Hey all, is there a way to set the minimum detection size? Doods works great for me but I still get birds & cats being detected with high confidence.

I’ve simply defined the things I’m interested in detecting. That means I no longer get notifications for any passing dogs, cats, birds, pizzas, or teddy bears:

- platform: doods
  ...
  labels:
  - person
  - car
  - truck
  - motorcycle
  - bicycle

The issue I have is it picks up the birds and cats as people. I am using the inception detector, I found the default one picked up random things as people. Inception works a lot better but does alert me to birds and cats.

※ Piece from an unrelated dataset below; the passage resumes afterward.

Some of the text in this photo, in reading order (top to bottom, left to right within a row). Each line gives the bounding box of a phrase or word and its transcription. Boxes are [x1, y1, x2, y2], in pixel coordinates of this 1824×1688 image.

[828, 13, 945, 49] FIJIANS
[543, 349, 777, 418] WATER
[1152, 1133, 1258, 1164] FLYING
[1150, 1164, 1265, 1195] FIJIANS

Yeah, I moved to the full Tensorflow models (as discussed way up in this thread) and found those to be much more accurate.

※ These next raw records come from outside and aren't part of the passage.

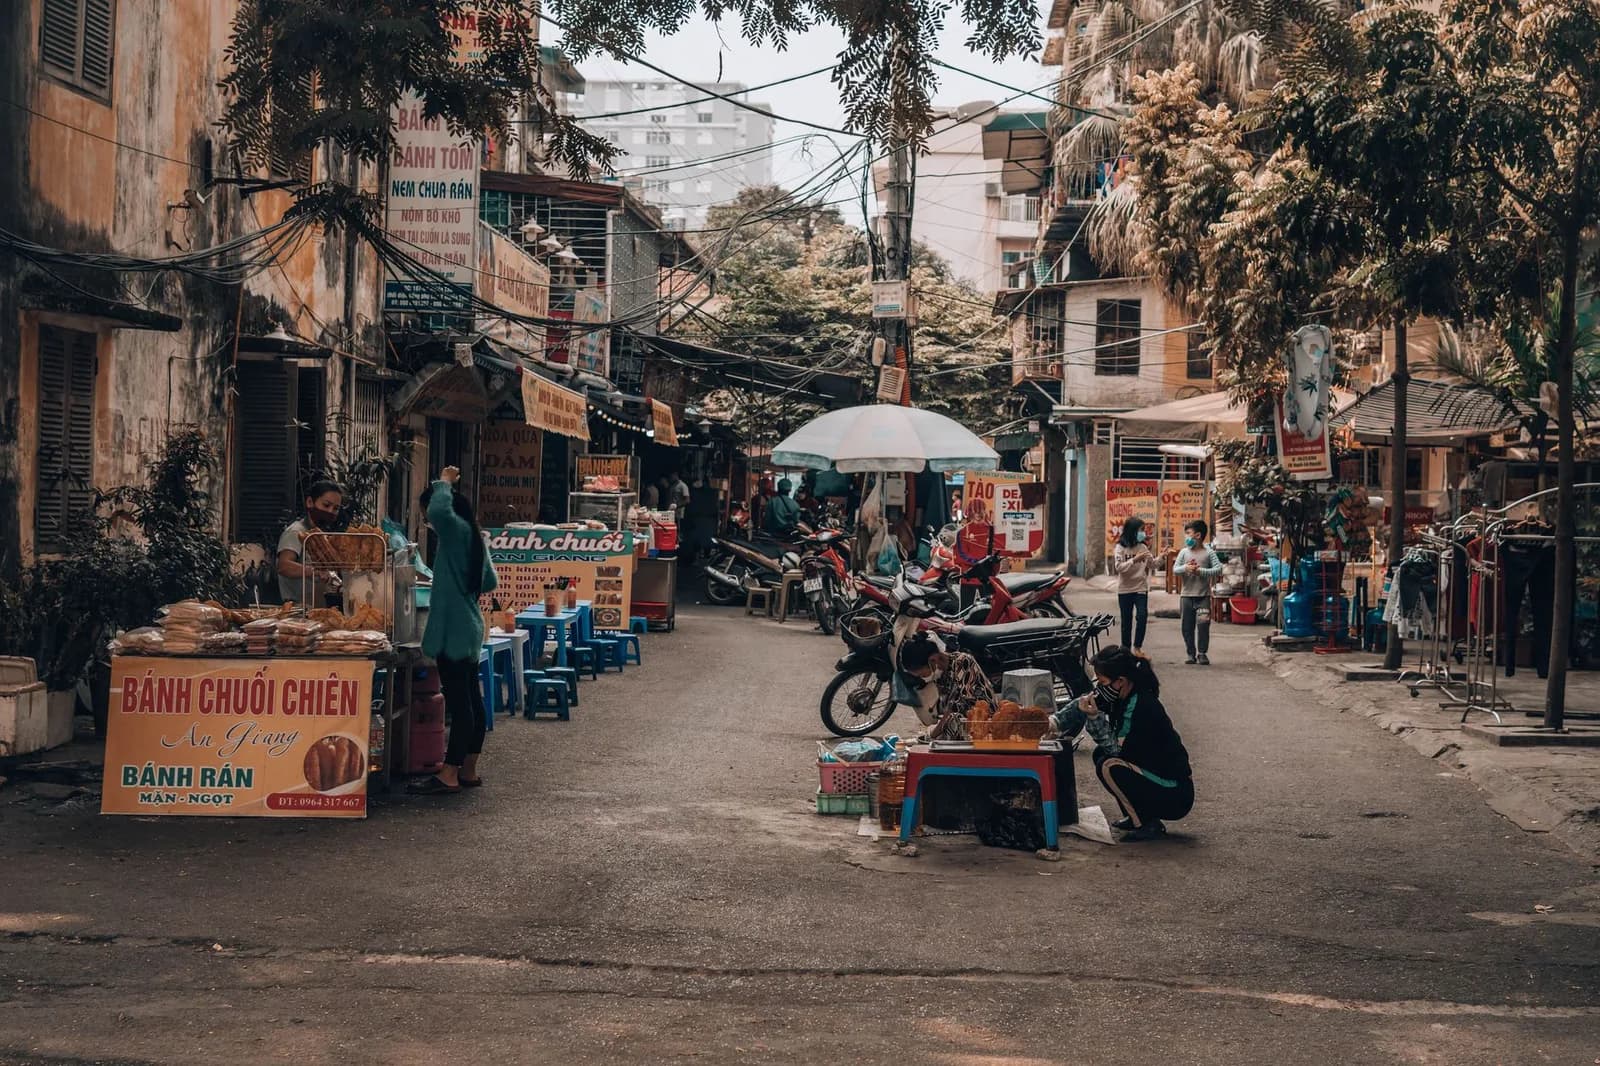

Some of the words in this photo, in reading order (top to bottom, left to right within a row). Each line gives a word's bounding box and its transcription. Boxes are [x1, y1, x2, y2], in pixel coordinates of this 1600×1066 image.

[393, 142, 436, 168] BÁNH
[440, 143, 473, 170] TÔM
[391, 180, 415, 198] NEM
[419, 180, 446, 199] CHUA
[450, 178, 472, 200] RÁN
[967, 478, 995, 499] TÀO
[551, 531, 625, 553] chuối
[532, 553, 607, 563] GIANG
[122, 670, 192, 714] BÁNH
[199, 666, 274, 716] CHUỐI
[281, 672, 360, 717] CHIÊN
[160, 722, 212, 748] An
[217, 720, 301, 758] Giang
[121, 762, 193, 788] BÁNH
[199, 763, 254, 789] RÁN
[138, 791, 176, 807] MẶN
[188, 793, 234, 807] NGỌT
[299, 798, 322, 806] 0964
[324, 798, 341, 806] 317
[343, 798, 360, 806] 667

Before then it would detect rocks or shopping bags as people, now it doesn’t.

@Tinkerer
which models are you using now? could you give more detailed information. i have the same problems that rocks are detected as birds and persons

It’s faster_rcnn_inception_v2_coco_2018_01_28 - things are (mostly) working as expected

1 Like

How might I use HA to detect an object that has not moved using DOODS?
Is this possible?

My goal is to detect mail car stopping at box .

@tmjpugh my approach would be as follows:
define image_processing just for the mailbox, “crop” the detection area with the area: configuration big enough to fit the mailman/mail car, set scan interval for some small amount of time, and prepare automation based on timers:

  • check if there’s a man or car in the box
  • if so - trigger timers
  • after time has passed check if man/card are stil there

of course timers should be also for a short time, probably not more than few seconds [depends on how long do the mailman/mailcar stops - you’ve got to figure it out on average].

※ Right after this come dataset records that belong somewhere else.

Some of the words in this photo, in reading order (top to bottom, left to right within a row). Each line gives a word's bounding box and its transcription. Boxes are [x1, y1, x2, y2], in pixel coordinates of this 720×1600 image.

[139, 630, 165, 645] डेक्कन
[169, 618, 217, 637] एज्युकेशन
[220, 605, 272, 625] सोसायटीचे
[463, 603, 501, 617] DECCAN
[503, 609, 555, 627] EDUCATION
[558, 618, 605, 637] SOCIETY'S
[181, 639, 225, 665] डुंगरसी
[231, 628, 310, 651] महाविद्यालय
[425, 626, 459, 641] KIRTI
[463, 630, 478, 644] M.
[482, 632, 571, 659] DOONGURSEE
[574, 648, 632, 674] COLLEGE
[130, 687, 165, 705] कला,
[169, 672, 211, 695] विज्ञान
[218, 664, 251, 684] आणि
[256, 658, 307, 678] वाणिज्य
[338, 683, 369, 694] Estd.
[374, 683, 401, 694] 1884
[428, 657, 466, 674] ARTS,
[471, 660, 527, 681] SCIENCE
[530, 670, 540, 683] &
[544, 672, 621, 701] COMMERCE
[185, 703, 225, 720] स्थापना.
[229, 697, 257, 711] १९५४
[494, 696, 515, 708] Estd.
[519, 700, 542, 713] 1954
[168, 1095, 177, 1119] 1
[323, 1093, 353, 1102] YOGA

but I’m only playing with DOODS for a couple of days now, so I do not guarantee that my idea is perfect.

1 Like

@snowzach is there any option to turn on/off the service on the fly? so, without changes in yaml and without rebooting I’d have a way to switch certain image_processing off and on.

real life example:
I’ve got few image_processing instances configured, each for all of the cameras. most of the cameras can detect motion by themselves, so I’ve got scan_interval for them set as 86400 [a full 24h] because I’m triggering image recognition in automations after camera says “there’s movement”. thay way, I’ve got switches to turn on/turn off those automations, if I want to [let’s say I’m washing my car on the driveway, and I don’t want my system be constantly analyzing me running with water and sponge ;)]
one of the cameras - based in the garden - unfortunately can’t give any sign about movement, so I configured scan_interval for that device for about 5 seconds, but I noticed, that in the case I’ve got a lot of movement in the place [I’m mowing the lawn & dog chases me etc.] my network looks like being clogged with constant videostream read by image_processing, and some services struggle to work. it shouldn’t be an issue considering my bandwith config, but it occurs - it is [after turning off constant processing - everything’s back to normal]. it would be cool to be able to make a switch in the dashboard to turn on/off the service in case of “known movement scenario incoming” - like said cutting grass or even party in the garden etc.

I THINK that possibility to change scan_interval on the fly should be enough if there’s no other way, but I don’t know about level of plausibility of that solution, so I’m hoping you can write something more about it being doable or not :slight_smile:

Unfortunately the scan_interval isn’t something that can change on the fly. You’d need to use a time trigger automation to manage that.